Fig. 23.

SECTION OF VERTEBRAL CENTRUM OF THORNBACK.

[18] One of the Thurso coprolites in my possession is about one fourth longer than the larger of the two specimens figured here, and nearly thrice as broad.

[19] In two of these, in a collection of several score, I have failed to detect the spiral markings, though their state of keeping is decidedly good. There are other appearances which lead me to suspect that the Asterolepis was not the only large fish of the Lower Old Red Sandstone; but my facts on the subject are too inconclusive to justify aught more than sedulous inquiry.

[20] The shaded plate, (a,) accidentally presented in this specimen, belongs to the upper part of the head. It is the posterior frontal plate F, which half-encircled the eye orbit, (see fig. 29;) and I have introduced it into the print here, as in none of the other prints, or of any other specimens, is its upper surface shown.
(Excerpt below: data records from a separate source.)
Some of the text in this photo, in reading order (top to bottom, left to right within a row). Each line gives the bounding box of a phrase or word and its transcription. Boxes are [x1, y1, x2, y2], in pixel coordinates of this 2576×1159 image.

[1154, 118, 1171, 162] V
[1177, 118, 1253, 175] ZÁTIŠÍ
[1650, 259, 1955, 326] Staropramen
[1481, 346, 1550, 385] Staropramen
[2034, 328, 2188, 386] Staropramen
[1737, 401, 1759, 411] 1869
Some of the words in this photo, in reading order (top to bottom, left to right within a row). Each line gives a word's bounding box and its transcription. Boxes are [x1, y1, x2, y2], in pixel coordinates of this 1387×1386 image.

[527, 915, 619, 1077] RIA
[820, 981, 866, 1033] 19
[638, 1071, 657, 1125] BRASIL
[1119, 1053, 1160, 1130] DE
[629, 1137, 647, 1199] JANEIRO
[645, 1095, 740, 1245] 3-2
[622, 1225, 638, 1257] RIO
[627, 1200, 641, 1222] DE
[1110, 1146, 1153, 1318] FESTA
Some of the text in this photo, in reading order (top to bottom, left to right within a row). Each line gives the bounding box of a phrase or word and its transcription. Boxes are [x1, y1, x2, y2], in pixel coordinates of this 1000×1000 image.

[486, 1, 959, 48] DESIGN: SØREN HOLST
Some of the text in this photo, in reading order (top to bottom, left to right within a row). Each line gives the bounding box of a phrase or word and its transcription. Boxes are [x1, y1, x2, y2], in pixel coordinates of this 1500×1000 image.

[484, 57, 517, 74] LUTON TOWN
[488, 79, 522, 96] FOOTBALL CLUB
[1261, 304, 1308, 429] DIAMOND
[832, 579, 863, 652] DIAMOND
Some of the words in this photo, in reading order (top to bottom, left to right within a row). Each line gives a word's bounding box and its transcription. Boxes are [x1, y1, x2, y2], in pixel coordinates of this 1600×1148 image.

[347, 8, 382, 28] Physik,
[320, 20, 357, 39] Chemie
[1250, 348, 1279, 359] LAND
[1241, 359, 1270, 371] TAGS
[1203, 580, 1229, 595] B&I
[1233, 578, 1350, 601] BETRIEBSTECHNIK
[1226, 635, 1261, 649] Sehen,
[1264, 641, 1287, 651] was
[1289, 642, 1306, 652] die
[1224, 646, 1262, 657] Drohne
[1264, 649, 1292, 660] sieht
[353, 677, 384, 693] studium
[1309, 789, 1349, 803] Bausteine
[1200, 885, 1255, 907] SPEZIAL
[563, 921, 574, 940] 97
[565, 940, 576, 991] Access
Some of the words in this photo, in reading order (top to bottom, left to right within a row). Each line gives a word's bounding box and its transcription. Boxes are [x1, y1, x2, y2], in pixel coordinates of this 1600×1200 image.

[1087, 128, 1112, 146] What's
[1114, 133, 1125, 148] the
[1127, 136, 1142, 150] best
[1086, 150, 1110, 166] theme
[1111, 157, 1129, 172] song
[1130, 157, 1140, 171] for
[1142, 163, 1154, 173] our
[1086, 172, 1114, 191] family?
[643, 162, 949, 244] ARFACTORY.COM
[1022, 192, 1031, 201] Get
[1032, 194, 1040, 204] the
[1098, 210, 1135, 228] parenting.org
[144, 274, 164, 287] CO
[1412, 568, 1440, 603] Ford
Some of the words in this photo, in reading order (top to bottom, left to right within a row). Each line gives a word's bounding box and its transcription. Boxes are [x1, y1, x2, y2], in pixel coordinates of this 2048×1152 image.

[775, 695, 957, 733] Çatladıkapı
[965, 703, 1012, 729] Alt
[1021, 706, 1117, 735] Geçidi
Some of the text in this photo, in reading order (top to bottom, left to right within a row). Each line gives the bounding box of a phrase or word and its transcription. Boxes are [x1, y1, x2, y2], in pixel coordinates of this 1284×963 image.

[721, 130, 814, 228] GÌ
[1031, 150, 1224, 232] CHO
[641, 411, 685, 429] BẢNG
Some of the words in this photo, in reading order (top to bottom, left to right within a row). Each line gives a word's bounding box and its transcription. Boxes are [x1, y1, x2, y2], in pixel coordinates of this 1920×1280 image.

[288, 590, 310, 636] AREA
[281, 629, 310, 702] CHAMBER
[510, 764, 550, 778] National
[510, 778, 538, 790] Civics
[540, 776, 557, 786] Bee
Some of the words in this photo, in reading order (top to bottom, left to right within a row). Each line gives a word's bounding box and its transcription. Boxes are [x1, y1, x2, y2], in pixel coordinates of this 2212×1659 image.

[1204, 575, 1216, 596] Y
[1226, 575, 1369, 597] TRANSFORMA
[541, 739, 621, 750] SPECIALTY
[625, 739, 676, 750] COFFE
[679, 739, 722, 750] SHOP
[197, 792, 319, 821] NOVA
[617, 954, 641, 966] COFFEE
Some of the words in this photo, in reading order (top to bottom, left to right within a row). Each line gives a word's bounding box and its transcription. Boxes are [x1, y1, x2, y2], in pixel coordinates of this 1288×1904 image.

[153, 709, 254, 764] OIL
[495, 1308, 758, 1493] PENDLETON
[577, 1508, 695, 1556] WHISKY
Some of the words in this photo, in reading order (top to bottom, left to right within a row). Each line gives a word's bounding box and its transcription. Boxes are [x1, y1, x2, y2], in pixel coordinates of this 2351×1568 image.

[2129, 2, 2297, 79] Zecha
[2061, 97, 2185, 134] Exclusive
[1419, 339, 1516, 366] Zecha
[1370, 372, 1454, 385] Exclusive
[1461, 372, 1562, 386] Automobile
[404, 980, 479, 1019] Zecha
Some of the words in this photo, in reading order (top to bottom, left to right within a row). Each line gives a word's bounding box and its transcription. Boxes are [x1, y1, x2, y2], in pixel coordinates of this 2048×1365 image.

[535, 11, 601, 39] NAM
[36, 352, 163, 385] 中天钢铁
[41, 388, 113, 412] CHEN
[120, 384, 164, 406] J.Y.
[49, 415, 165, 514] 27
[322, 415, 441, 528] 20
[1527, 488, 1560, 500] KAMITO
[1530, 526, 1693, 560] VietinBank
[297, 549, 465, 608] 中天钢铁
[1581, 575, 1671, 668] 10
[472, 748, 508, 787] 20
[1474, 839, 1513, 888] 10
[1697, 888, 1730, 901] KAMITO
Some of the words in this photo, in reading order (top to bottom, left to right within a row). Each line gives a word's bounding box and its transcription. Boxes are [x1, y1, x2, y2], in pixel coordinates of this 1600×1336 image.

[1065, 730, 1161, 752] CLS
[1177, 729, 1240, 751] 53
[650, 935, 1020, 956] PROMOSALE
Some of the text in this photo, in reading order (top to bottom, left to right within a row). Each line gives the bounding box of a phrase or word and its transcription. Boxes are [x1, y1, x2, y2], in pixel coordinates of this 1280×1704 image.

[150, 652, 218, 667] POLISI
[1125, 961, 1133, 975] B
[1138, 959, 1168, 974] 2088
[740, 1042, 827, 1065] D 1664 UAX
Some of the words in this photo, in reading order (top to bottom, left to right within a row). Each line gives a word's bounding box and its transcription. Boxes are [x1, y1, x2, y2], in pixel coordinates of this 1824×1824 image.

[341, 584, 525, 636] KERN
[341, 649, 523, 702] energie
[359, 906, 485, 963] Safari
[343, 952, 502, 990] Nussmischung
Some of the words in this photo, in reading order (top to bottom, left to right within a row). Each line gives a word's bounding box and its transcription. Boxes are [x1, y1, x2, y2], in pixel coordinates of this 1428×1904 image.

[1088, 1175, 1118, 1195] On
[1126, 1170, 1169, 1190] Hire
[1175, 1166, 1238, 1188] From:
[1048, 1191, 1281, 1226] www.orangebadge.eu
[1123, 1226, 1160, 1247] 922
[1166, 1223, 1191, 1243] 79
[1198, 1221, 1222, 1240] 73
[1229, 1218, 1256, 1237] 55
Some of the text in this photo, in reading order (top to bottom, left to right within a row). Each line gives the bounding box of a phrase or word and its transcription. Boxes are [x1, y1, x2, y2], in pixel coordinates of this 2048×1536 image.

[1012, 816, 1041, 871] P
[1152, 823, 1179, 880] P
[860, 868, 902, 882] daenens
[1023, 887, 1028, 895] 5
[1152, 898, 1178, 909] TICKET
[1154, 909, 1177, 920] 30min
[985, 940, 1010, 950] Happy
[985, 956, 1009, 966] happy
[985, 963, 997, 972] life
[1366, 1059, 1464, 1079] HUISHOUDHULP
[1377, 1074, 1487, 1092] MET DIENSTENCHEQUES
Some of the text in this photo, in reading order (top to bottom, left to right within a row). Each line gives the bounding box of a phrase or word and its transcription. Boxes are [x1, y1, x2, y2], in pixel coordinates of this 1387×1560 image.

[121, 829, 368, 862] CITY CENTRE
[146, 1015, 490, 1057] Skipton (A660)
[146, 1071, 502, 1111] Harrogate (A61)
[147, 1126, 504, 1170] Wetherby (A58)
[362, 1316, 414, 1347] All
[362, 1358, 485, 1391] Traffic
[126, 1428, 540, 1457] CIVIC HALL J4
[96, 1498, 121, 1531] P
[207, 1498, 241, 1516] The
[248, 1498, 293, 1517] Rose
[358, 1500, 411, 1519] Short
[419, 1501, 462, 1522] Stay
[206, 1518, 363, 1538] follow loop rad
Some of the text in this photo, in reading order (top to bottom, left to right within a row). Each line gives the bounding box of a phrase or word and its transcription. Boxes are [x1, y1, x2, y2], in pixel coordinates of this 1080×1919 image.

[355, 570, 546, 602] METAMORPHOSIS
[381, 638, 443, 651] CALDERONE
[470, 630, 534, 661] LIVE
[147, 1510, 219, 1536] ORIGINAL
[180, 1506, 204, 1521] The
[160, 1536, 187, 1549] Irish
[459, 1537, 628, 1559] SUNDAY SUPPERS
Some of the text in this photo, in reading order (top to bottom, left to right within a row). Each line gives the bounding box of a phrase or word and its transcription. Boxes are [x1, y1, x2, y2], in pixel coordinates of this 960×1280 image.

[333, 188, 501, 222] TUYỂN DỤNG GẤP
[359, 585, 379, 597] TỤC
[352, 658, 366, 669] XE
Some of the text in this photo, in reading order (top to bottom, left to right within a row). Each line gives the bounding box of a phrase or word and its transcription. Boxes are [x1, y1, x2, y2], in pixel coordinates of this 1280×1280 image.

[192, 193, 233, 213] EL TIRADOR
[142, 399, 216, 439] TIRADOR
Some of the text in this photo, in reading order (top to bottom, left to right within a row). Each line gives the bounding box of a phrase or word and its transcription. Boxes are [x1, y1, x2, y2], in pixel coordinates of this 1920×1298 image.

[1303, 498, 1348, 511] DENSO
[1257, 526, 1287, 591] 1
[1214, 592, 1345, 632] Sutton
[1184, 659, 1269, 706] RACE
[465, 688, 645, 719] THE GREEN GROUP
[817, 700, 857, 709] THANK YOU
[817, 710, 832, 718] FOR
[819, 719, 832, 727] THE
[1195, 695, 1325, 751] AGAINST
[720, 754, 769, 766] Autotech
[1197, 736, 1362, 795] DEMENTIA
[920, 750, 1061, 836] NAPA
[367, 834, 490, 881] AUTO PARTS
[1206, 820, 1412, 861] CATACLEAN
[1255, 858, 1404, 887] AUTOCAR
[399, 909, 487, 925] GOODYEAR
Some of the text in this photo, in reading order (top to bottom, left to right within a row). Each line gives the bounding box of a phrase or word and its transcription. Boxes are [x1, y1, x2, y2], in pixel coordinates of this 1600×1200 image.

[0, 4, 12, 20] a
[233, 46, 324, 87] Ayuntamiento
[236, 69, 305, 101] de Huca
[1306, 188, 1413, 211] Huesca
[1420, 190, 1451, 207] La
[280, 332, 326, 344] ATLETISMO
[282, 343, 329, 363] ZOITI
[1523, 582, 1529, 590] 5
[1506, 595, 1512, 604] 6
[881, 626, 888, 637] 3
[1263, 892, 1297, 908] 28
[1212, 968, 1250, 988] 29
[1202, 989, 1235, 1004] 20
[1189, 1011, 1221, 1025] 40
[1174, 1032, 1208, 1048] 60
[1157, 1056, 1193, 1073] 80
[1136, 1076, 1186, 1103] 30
[21] The late Mr. John Thurston.

[22] “Mr. Phillips proceeded to describe some remains of a small fish, resembling the Cheiracanthus of the Old Red Sandstone, scales and spines of which he had found in a quarry at Hales End, on the western side of the Malverns. The section presented beds of the Old Red Sandstone inclined to the west; beneath these were arenaceous beds of a lighter color, forming the junction with Silurian shales; these, again, passing on to calcareous beds in the lower part of the quarry, containing the corals and shells of the Aymestry Limestone, of their agreement with which stronger evidence might be obtained elsewhere. He had found none of these scales in the junction beds or in the Upper Ludlow Shales; but about sixty or one hundred feet lower, just above the Aymestry Limestone, his attention had been attracted to discolored spots on the surface of the beds, which, upon microscopic examination, proved to be the minute scales and spines before mentioned. These remains were only apparent on the surface, whilst the ‘fish-bed’ of the Upper Ludlow rock, as it usually occurred, was an inch thick, consisting of innumerable small teeth and spines.”—Report, in “Athenæum” for 1842, of the Proceedings of the Twelfth Meeting of British Association, (Manchester.)

[23] “This is the lowest position” (that of the Onondago Limestone) “in the State of New York in which any remains have been found higher in the scale of organized beings than Crustacea, with the exception of an imperfectly preserved fish-bone discovered by Hall in the Oriskany Sandstone. That specimen, together with the defensive fish-bone found in this part of the New York system, furnishes evidences of the existence of animals belonging to the class vertebrata during the deposition of the middle part of the protozoic strata.”—American Journal of Science and Arts for 1846, p. 63.

[24] “The shales alternating with the Wenlock Limestone.” (Edinburgh Review.)